Any picture in the material should be left out, while all other lines are copied exactly.

BEGIN

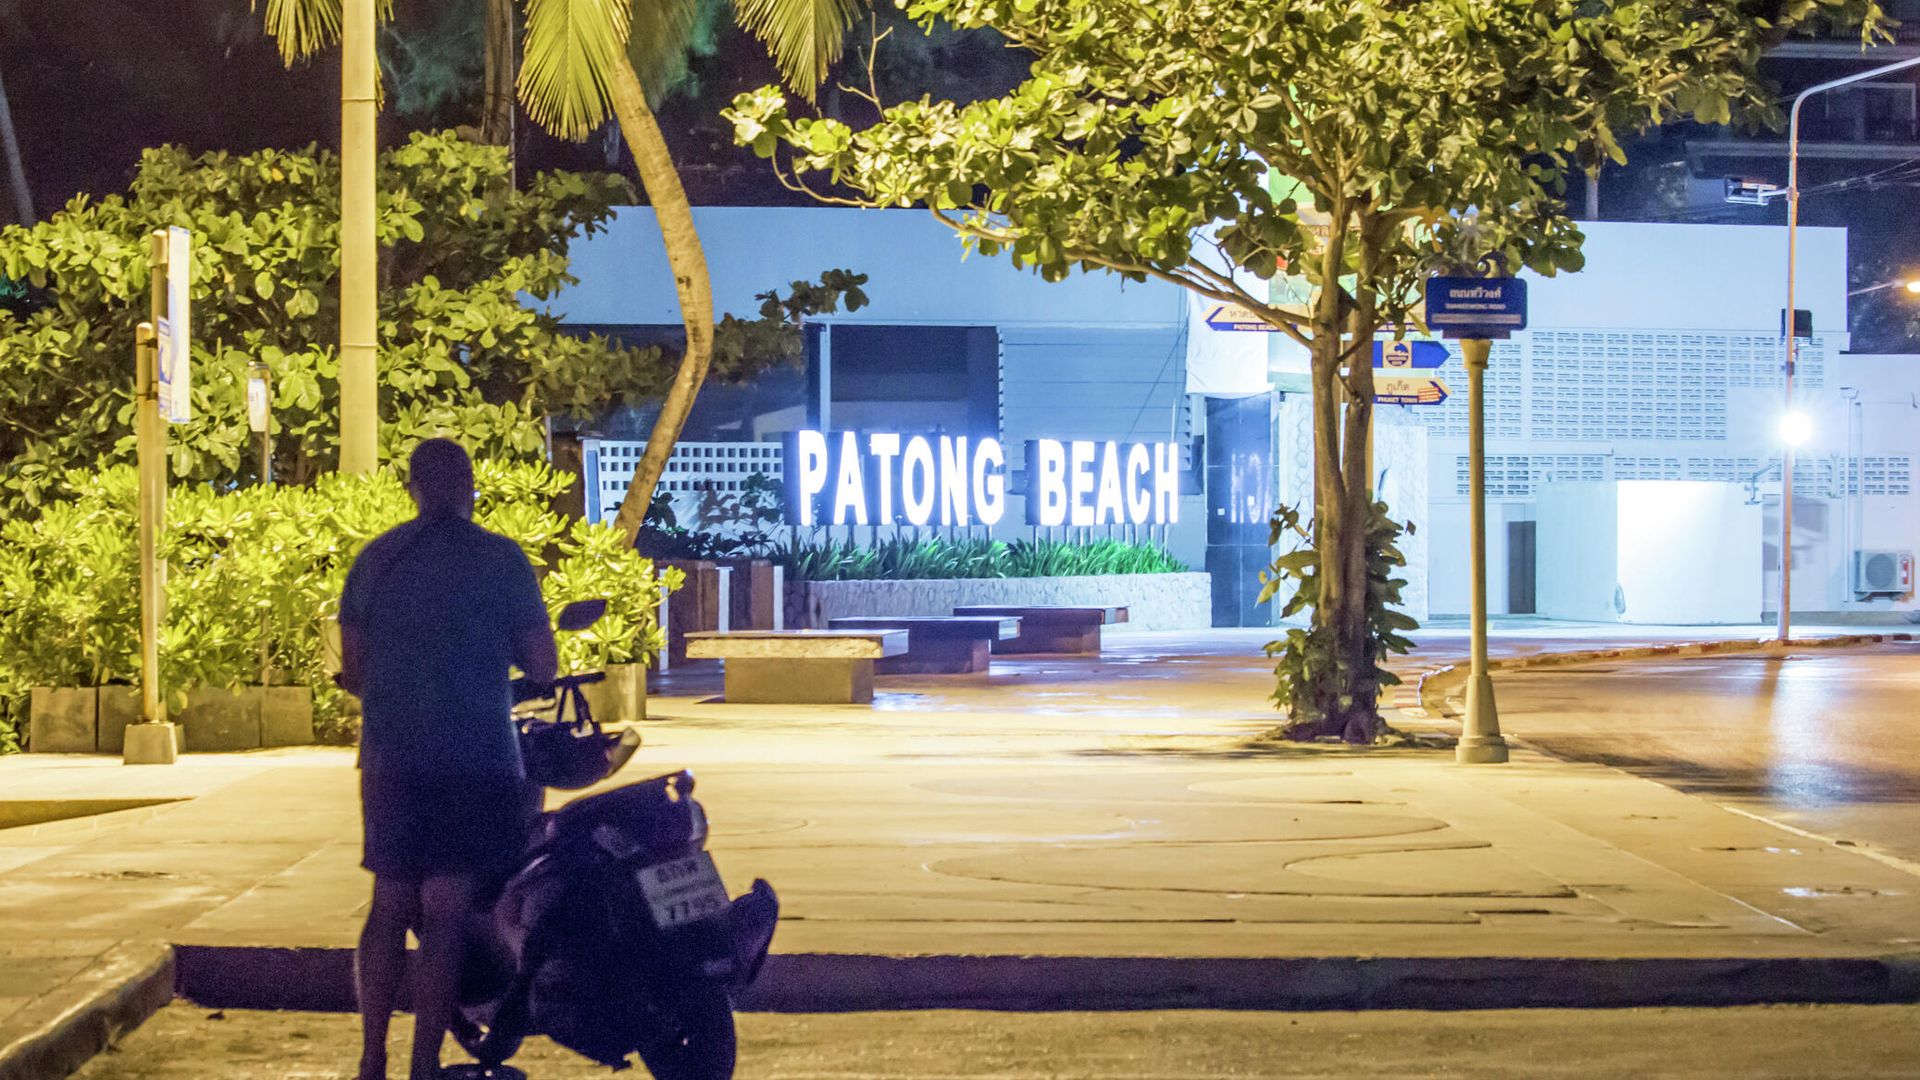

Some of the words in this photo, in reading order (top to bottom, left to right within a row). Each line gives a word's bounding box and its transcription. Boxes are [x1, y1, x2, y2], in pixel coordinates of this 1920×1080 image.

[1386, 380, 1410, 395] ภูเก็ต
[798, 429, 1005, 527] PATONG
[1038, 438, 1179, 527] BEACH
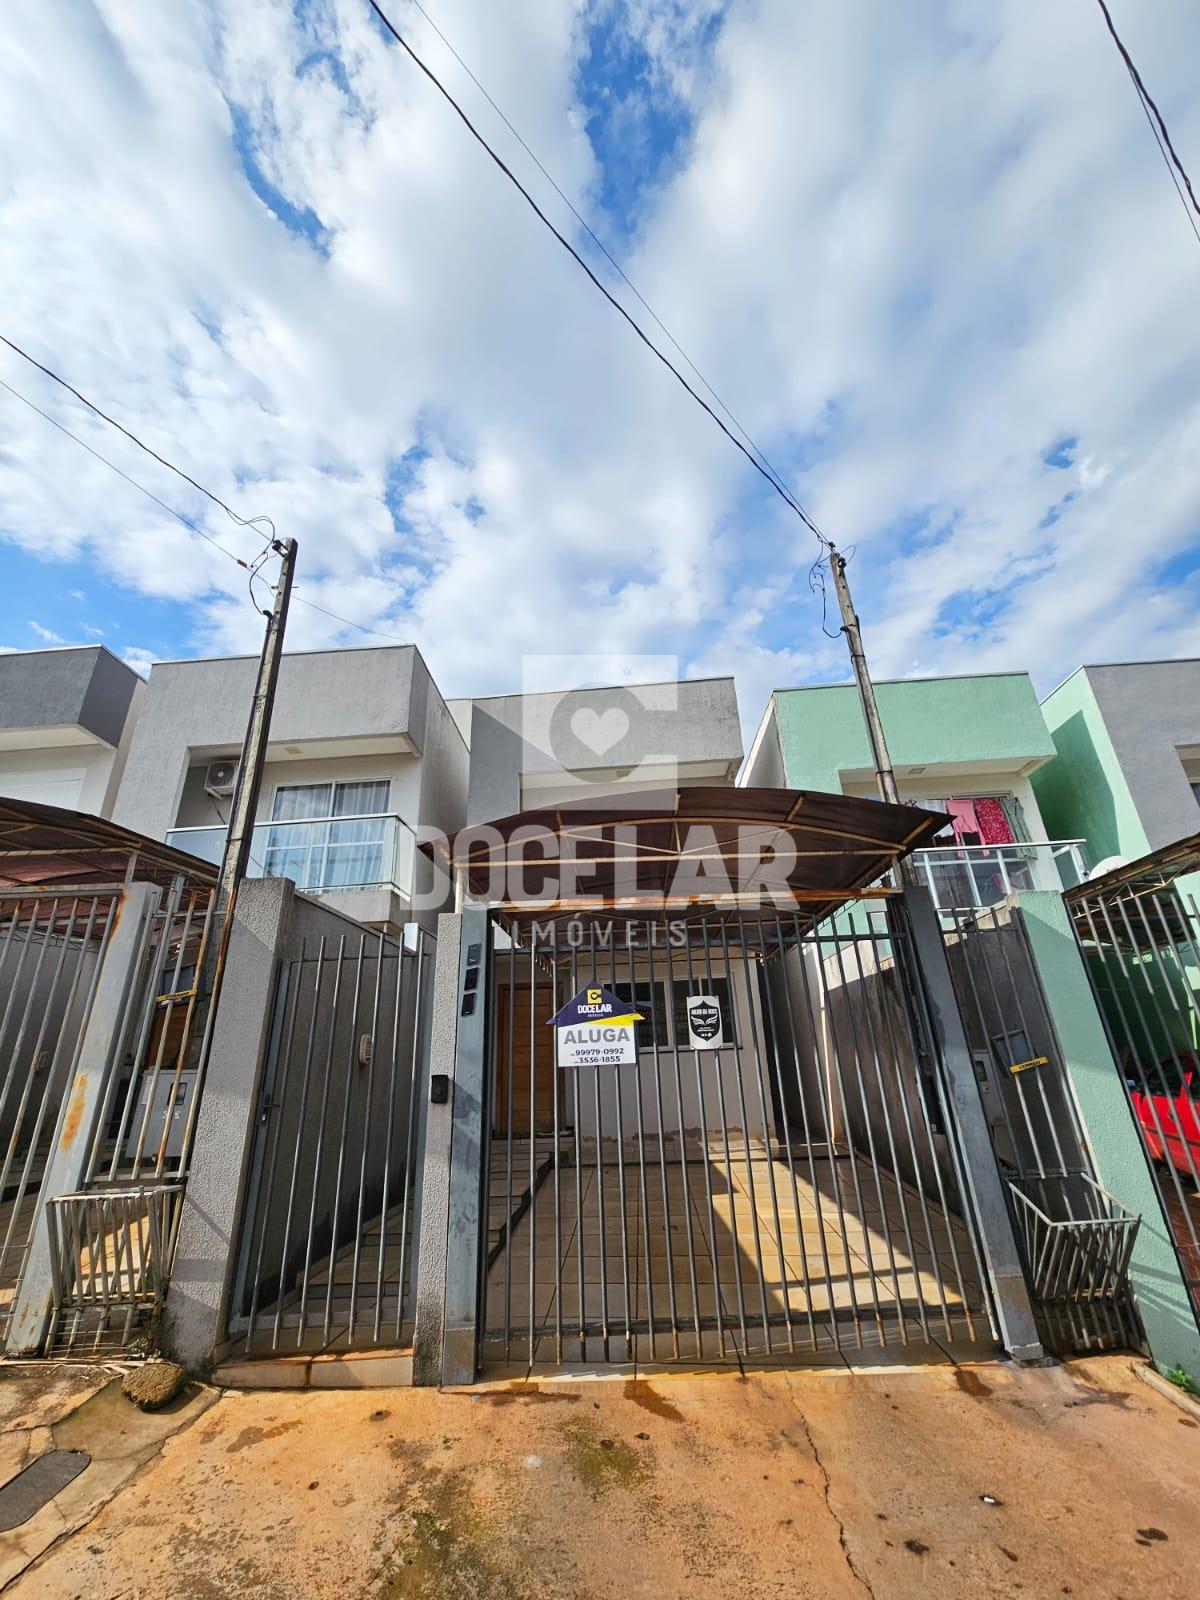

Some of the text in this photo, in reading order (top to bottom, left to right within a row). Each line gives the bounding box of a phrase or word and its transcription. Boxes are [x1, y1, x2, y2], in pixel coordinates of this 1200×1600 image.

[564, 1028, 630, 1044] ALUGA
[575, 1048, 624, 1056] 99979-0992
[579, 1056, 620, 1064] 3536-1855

END

• Completed exercise:
Some of the words in this photo, in reading order (top to bottom, left to right within a row). Each line gives a word's bounding box and its transcription. Boxes are [x1, y1, x2, y2], in pixel coordinates of this 1920×1080 image.

[1386, 380, 1410, 395] ภูเก็ต
[798, 429, 1005, 527] PATONG
[1038, 438, 1179, 527] BEACH

Some of the text in this photo, in reading order (top to bottom, left to right within a row). Each line gives the bounding box of a phrase or word and its transcription. Boxes are [x1, y1, x2, y2], in pixel coordinates of this 1200×1600 image.

[564, 1028, 630, 1044] ALUGA
[575, 1048, 624, 1056] 99979-0992
[579, 1056, 620, 1064] 3536-1855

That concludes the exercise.